DATA SUPPLIED

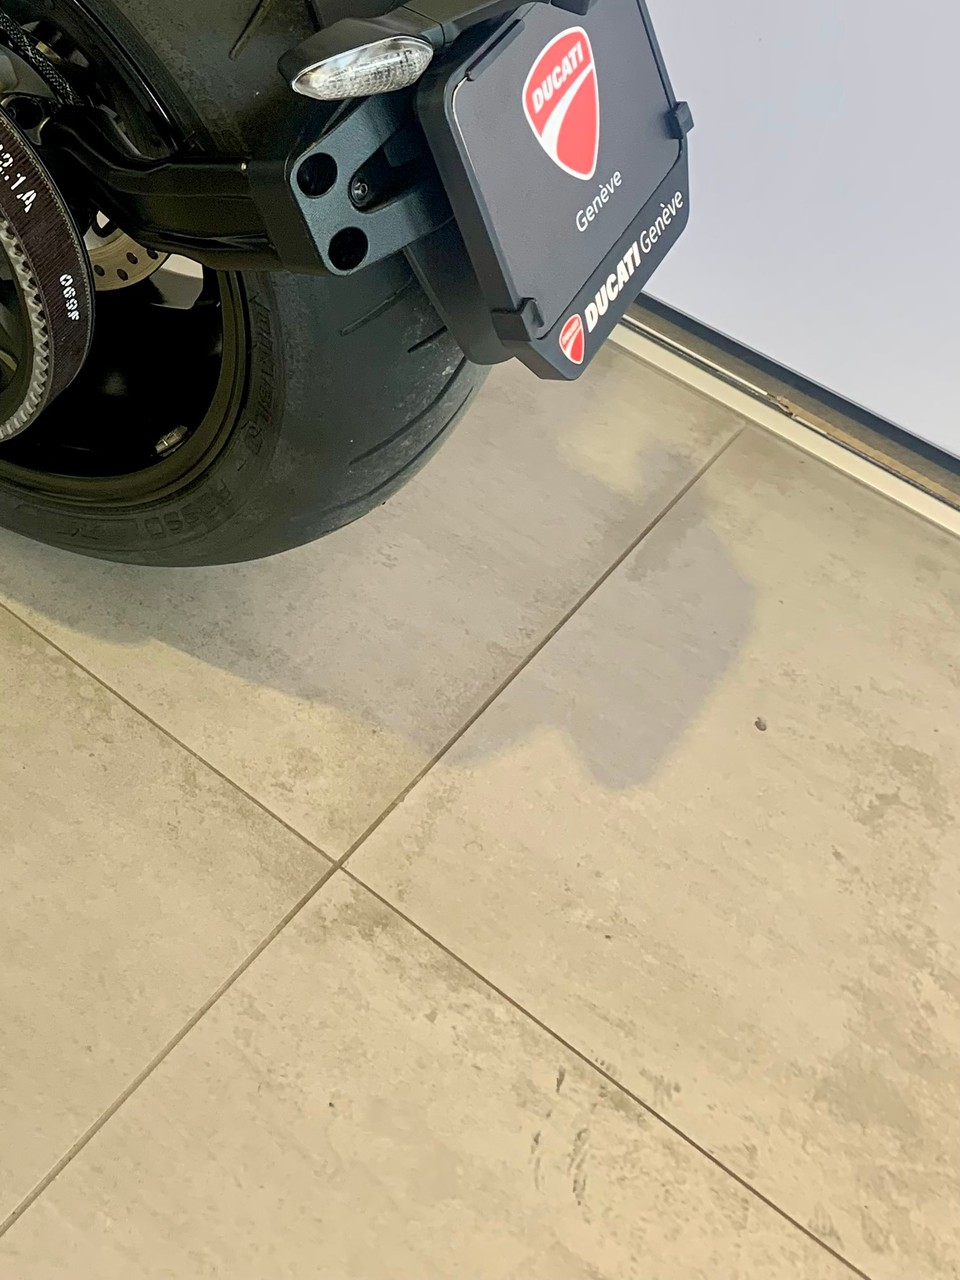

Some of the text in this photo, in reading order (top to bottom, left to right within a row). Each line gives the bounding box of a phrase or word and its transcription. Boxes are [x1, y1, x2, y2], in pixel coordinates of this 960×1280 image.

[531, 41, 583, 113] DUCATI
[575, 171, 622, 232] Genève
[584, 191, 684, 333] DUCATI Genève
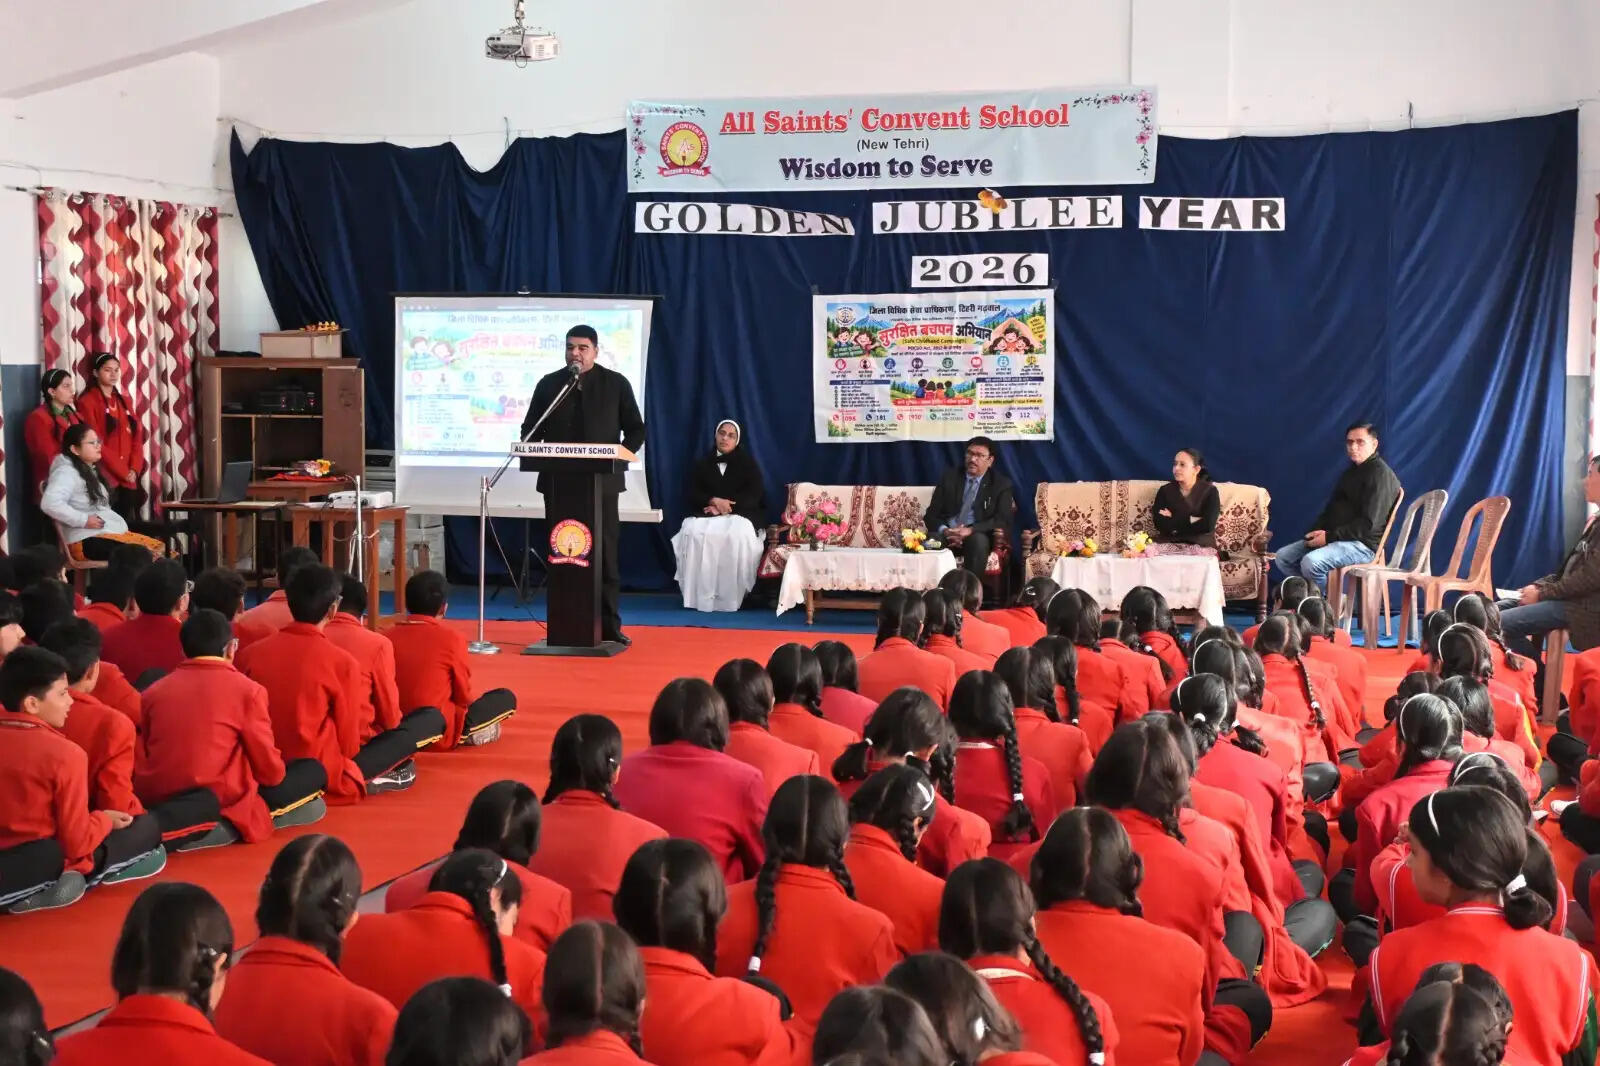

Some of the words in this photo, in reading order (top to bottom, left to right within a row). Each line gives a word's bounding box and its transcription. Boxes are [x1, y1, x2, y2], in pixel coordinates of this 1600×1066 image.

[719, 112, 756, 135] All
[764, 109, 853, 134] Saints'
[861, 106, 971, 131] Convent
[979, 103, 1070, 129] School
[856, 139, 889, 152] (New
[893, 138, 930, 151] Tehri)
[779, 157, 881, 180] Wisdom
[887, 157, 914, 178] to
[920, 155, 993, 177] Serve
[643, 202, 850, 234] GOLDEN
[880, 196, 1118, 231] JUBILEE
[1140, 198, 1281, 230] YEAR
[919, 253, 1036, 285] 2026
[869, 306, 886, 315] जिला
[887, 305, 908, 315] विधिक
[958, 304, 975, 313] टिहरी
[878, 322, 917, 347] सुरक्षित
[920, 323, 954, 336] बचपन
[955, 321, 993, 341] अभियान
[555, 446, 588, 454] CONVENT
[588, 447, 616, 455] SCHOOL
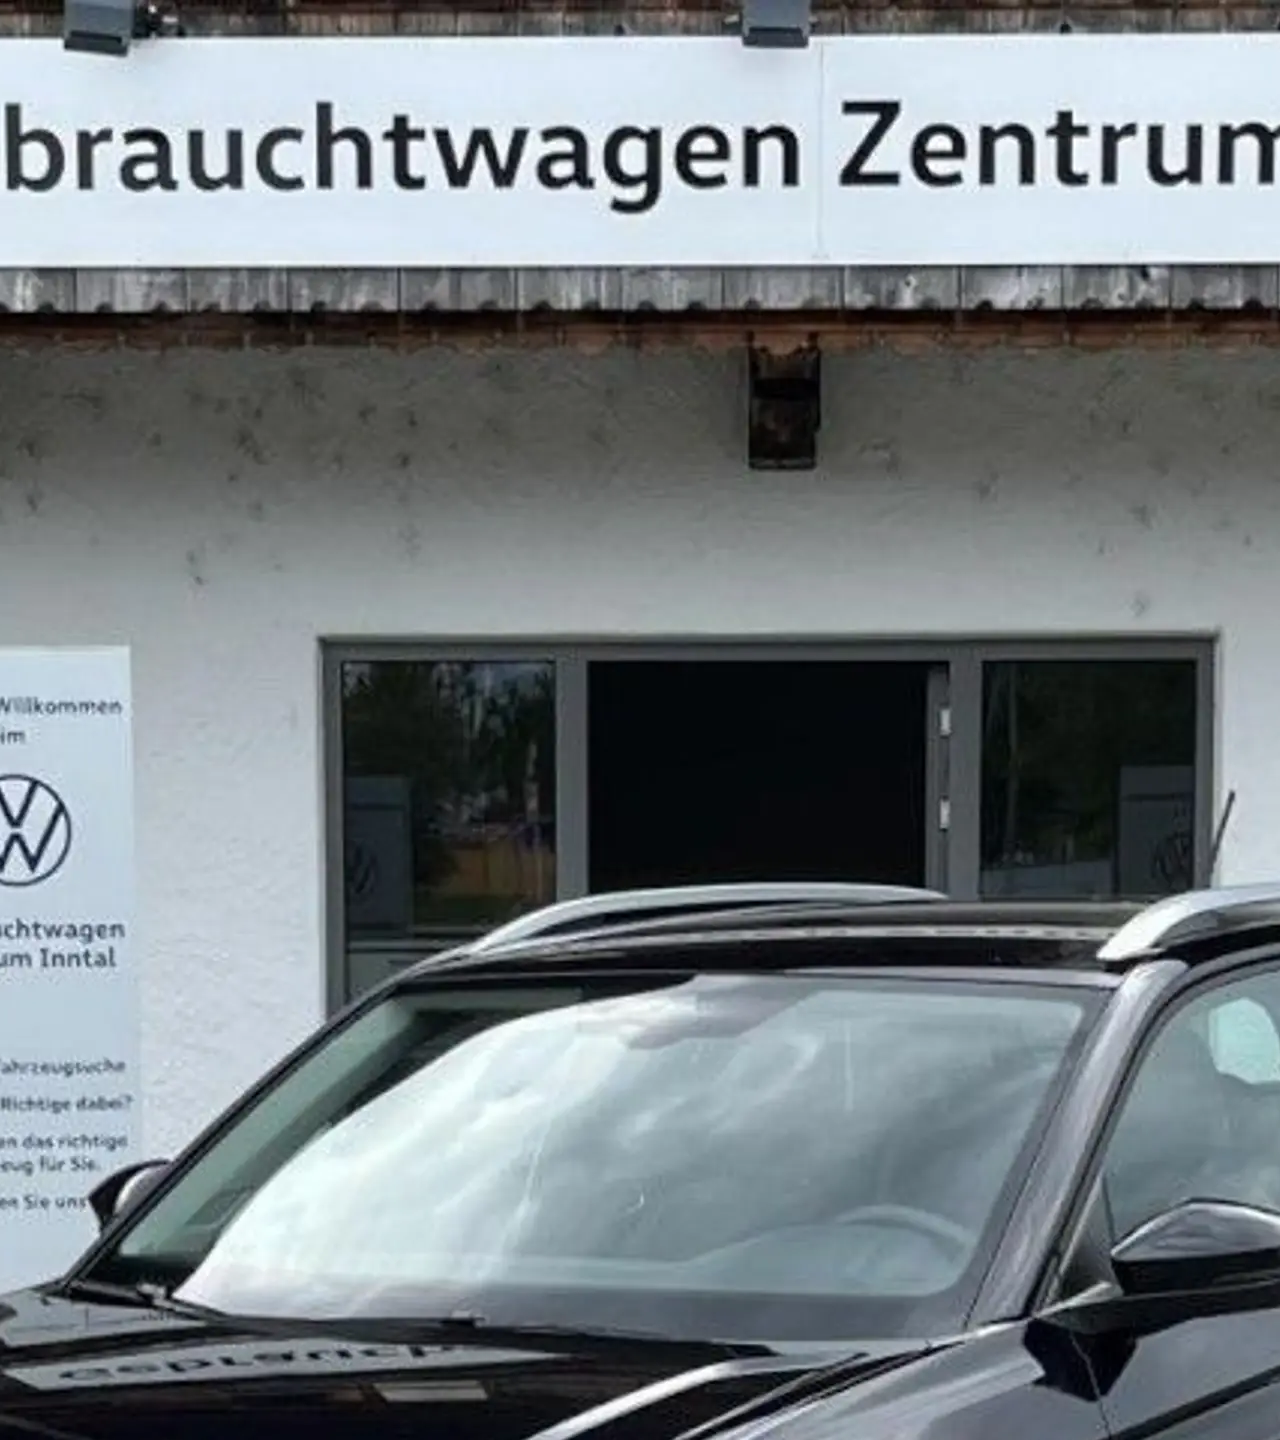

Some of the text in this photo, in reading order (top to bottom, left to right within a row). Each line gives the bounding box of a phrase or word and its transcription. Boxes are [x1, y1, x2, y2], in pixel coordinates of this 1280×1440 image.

TASK ITEM
For this exercise, copy the entries above exactly and skip any picture.

EXPECTED ANSWER
Some of the text in this photo, in reading order (top to bottom, left to right within a row). Each line gives the bounding box of a phrase or word and its transcription. Boxes are [x1, y1, x2, y2], in pixel coordinates of this 960×1280 image.

[531, 41, 583, 113] DUCATI
[575, 171, 622, 232] Genève
[584, 191, 684, 333] DUCATI Genève

Some of the words in this photo, in reading order (top to bottom, left to right within a row). Each line gives a word's bounding box and its transcription. Boxes are [x1, y1, x2, y2], in pixel coordinates of this 1600×1066 image.

[719, 112, 756, 135] All
[764, 109, 853, 134] Saints'
[861, 106, 971, 131] Convent
[979, 103, 1070, 129] School
[856, 139, 889, 152] (New
[893, 138, 930, 151] Tehri)
[779, 157, 881, 180] Wisdom
[887, 157, 914, 178] to
[920, 155, 993, 177] Serve
[643, 202, 850, 234] GOLDEN
[880, 196, 1118, 231] JUBILEE
[1140, 198, 1281, 230] YEAR
[919, 253, 1036, 285] 2026
[869, 306, 886, 315] जिला
[887, 305, 908, 315] विधिक
[958, 304, 975, 313] टिहरी
[878, 322, 917, 347] सुरक्षित
[920, 323, 954, 336] बचपन
[955, 321, 993, 341] अभियान
[555, 446, 588, 454] CONVENT
[588, 447, 616, 455] SCHOOL

Some of the text in this photo, in reading order (top to bottom, left to right within a row). Each line gives the bounding box of a phrase or word and its transcription. Boxes are [x1, y1, x2, y2], in pixel coordinates of this 1280×1440 image.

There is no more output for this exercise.